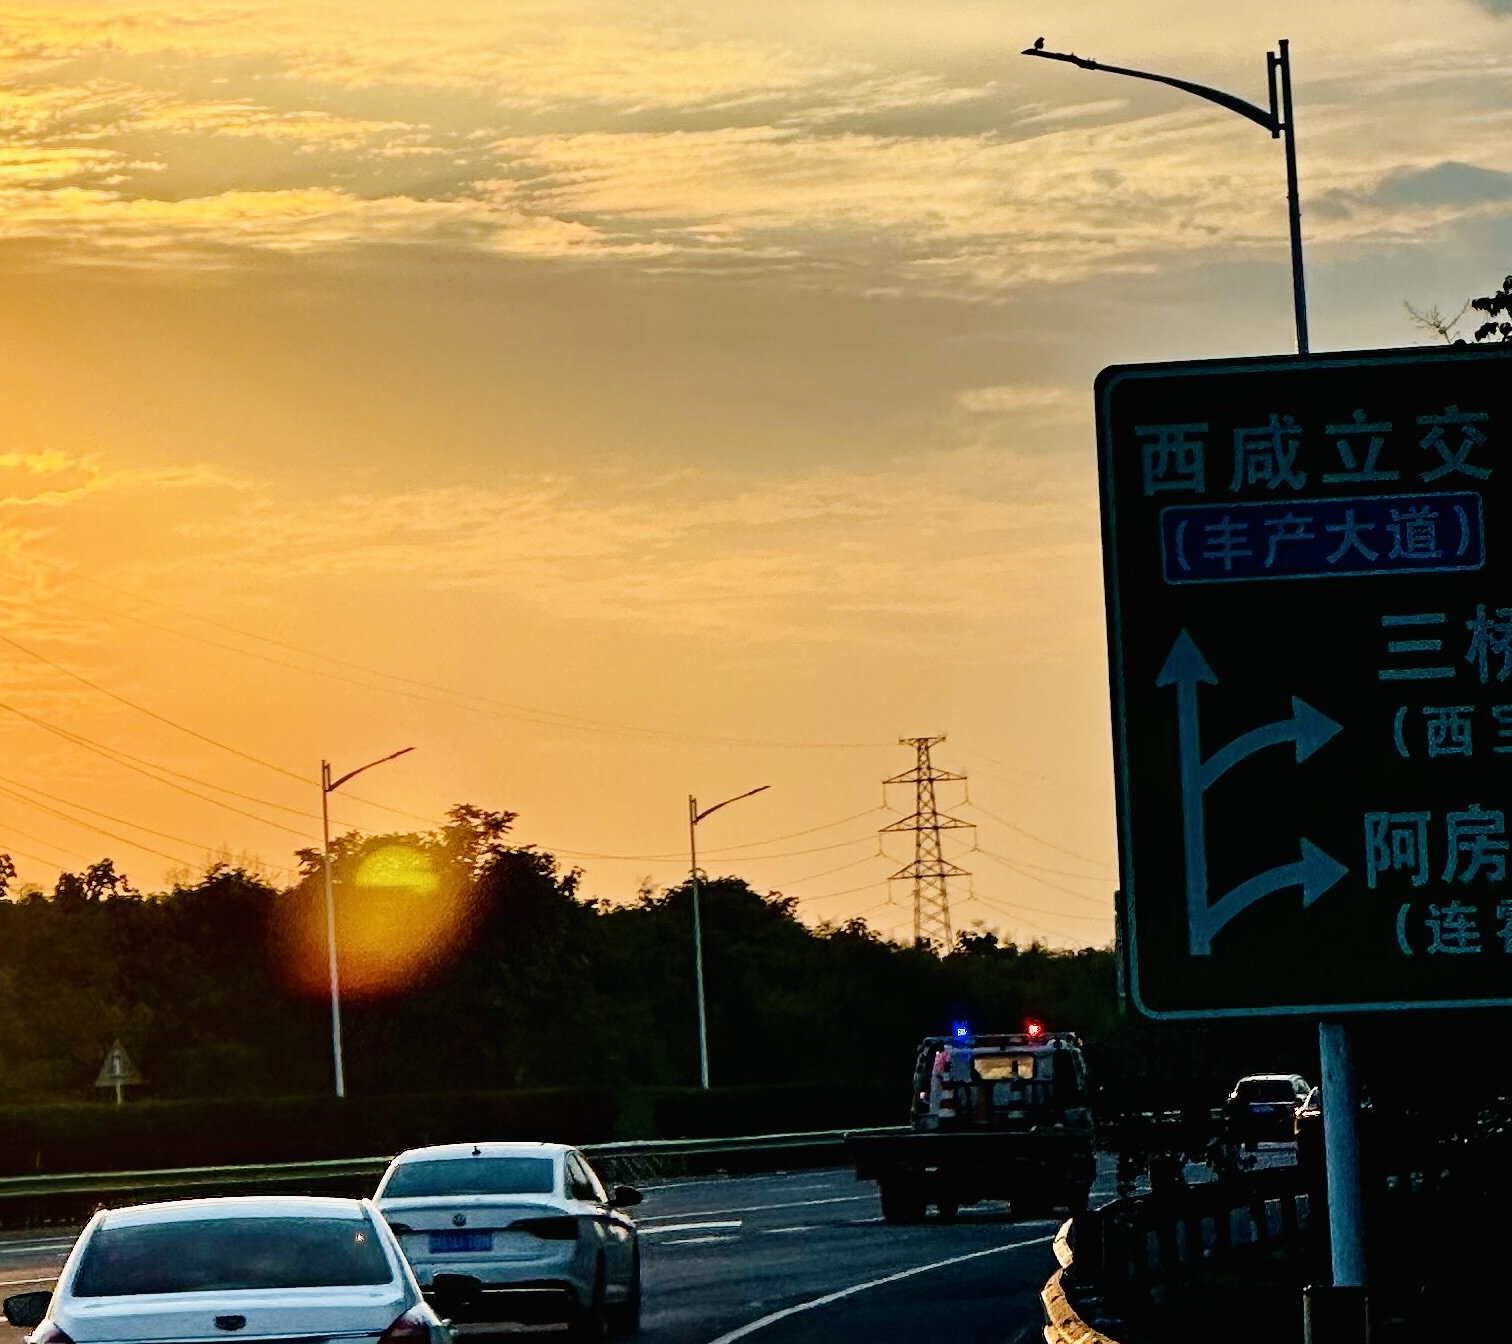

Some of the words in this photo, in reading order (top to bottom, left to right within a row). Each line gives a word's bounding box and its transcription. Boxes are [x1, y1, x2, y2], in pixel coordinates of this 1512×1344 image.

[1135, 405, 1491, 495] 西咸立交
[1364, 803, 1511, 888] 阿房
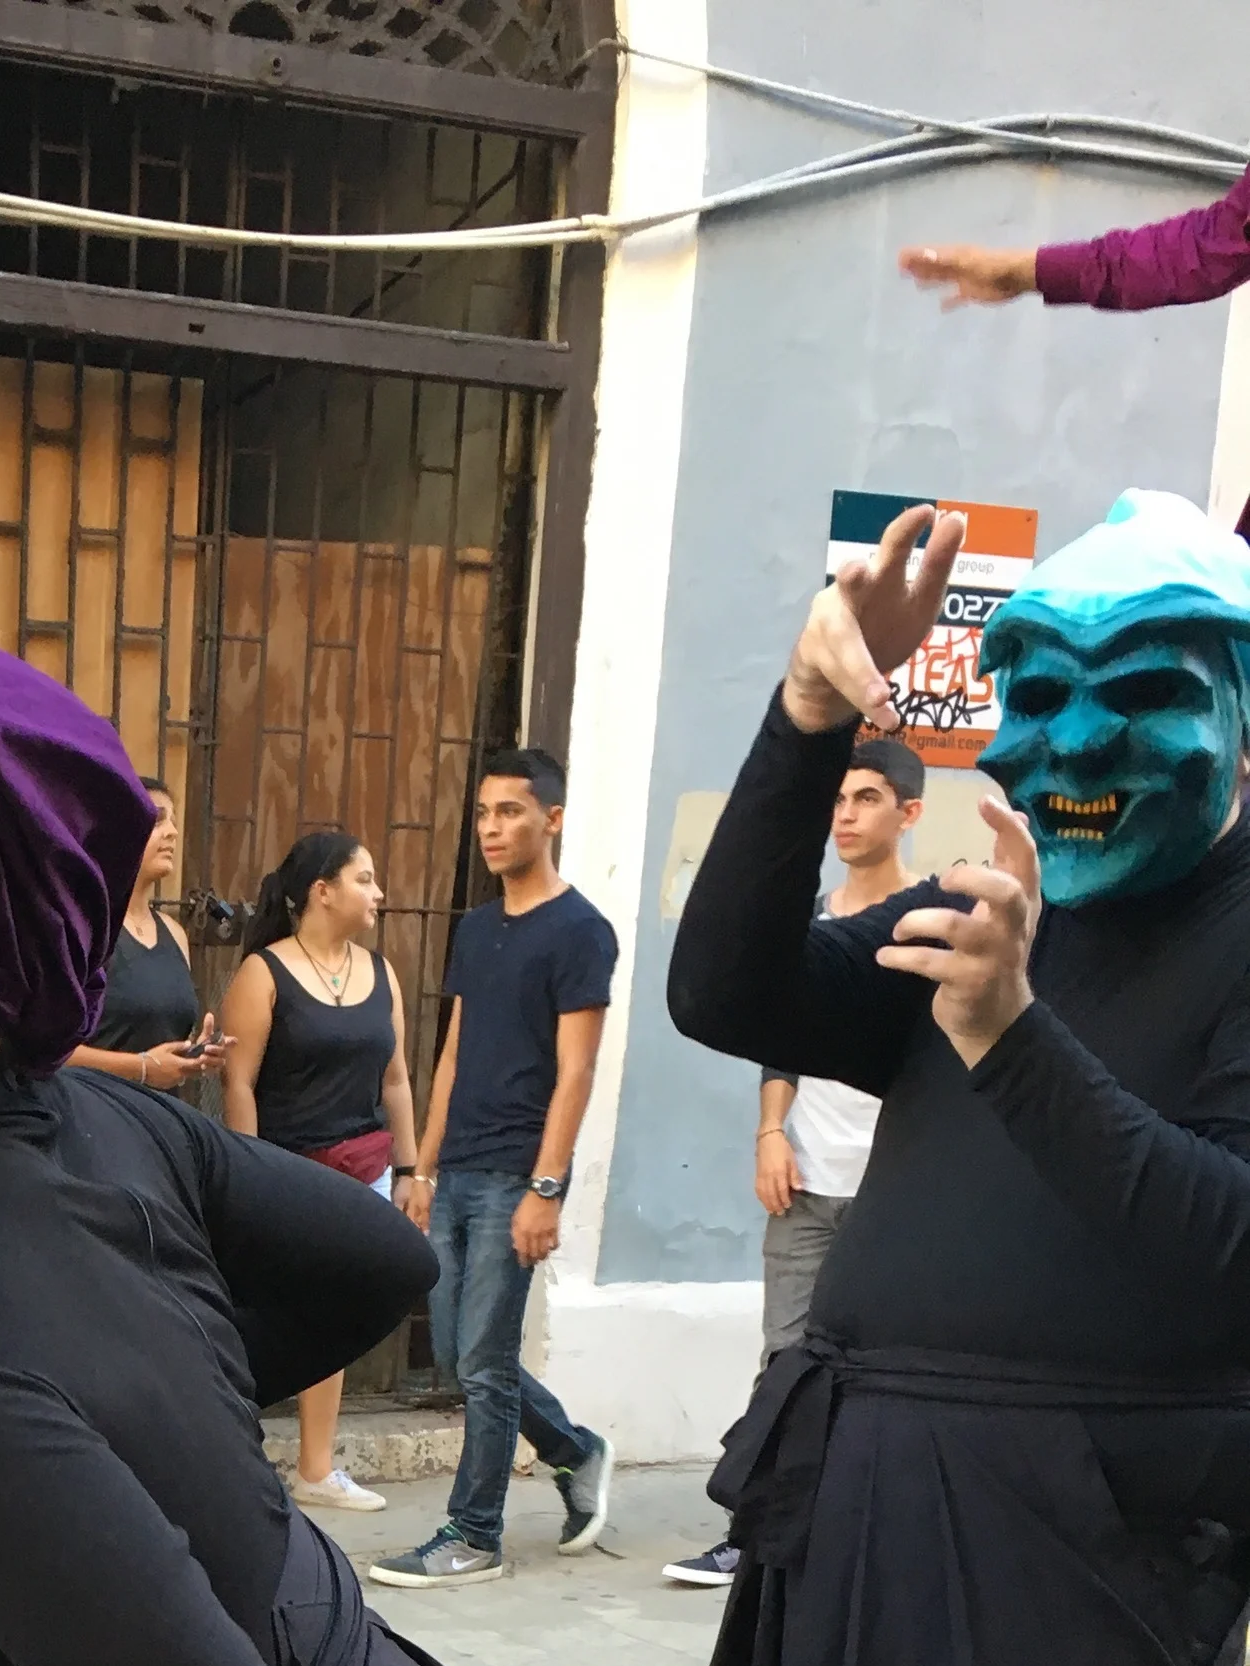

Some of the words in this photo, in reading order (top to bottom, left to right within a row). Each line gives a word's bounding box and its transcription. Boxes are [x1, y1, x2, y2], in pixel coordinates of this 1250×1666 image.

[957, 559, 995, 574] group
[944, 592, 1009, 622] 027
[908, 652, 993, 703] LEAS
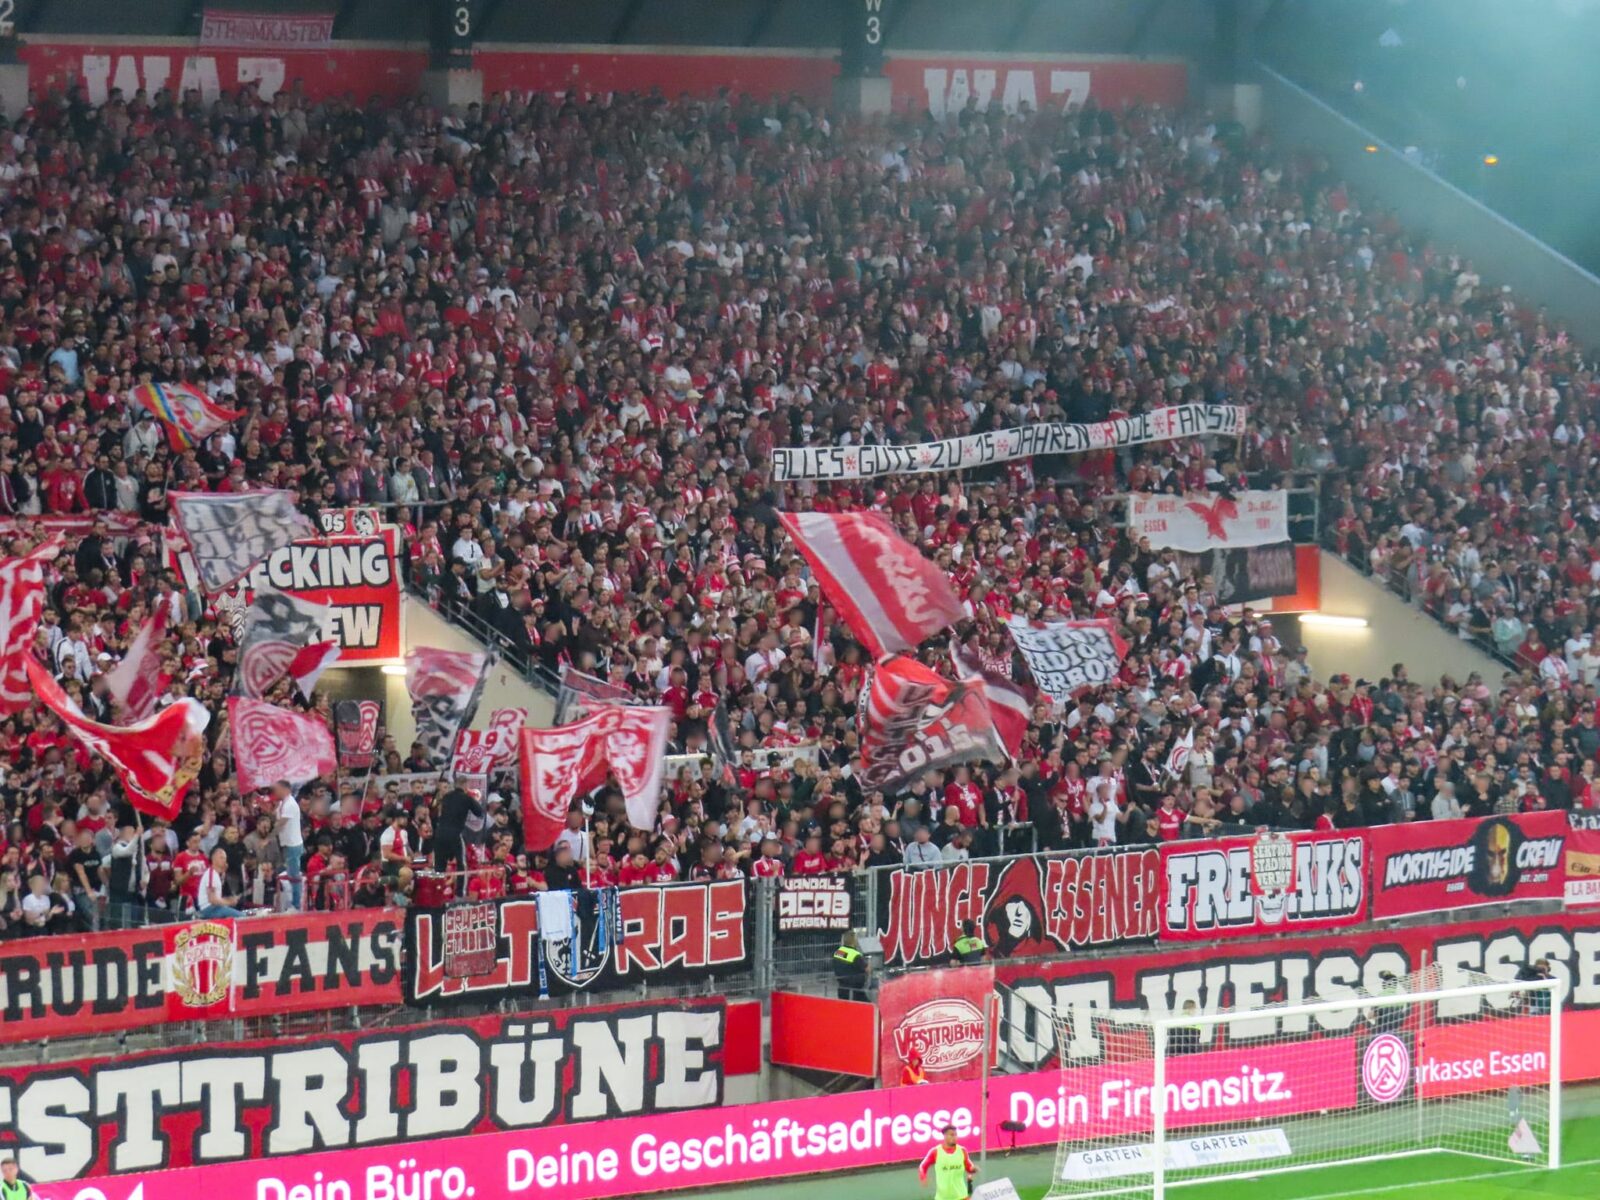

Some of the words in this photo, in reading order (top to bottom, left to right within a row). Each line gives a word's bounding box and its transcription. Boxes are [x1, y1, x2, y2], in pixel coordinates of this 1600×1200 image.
= = = =
## Directions
This exercise asks for the data above to be given again exactly, without pictures.

## Solution
Some of the words in this photo, in reading order (top to bottom, left to right within a row). Each line gives a word's bounding box and its transcription. Boxes are [x1, y1, x2, y2], in pixel coordinates of this 1512×1344 image.

[1135, 405, 1491, 495] 西咸立交
[1364, 803, 1511, 888] 阿房

Some of the words in this photo, in reading order (top to bottom, left to right within a row). Each line gives a word's bounding box and its transcription. Boxes are [x1, y1, x2, y2], in pixel coordinates of this 1250×1666 image.

[957, 559, 995, 574] group
[944, 592, 1009, 622] 027
[908, 652, 993, 703] LEAS

Some of the words in this photo, in reading order (top to bottom, left to right within a row). Each line gives a word's bounding box and its transcription. Boxes are [x1, y1, x2, y2], in pixel coordinates of this 1600×1200 image.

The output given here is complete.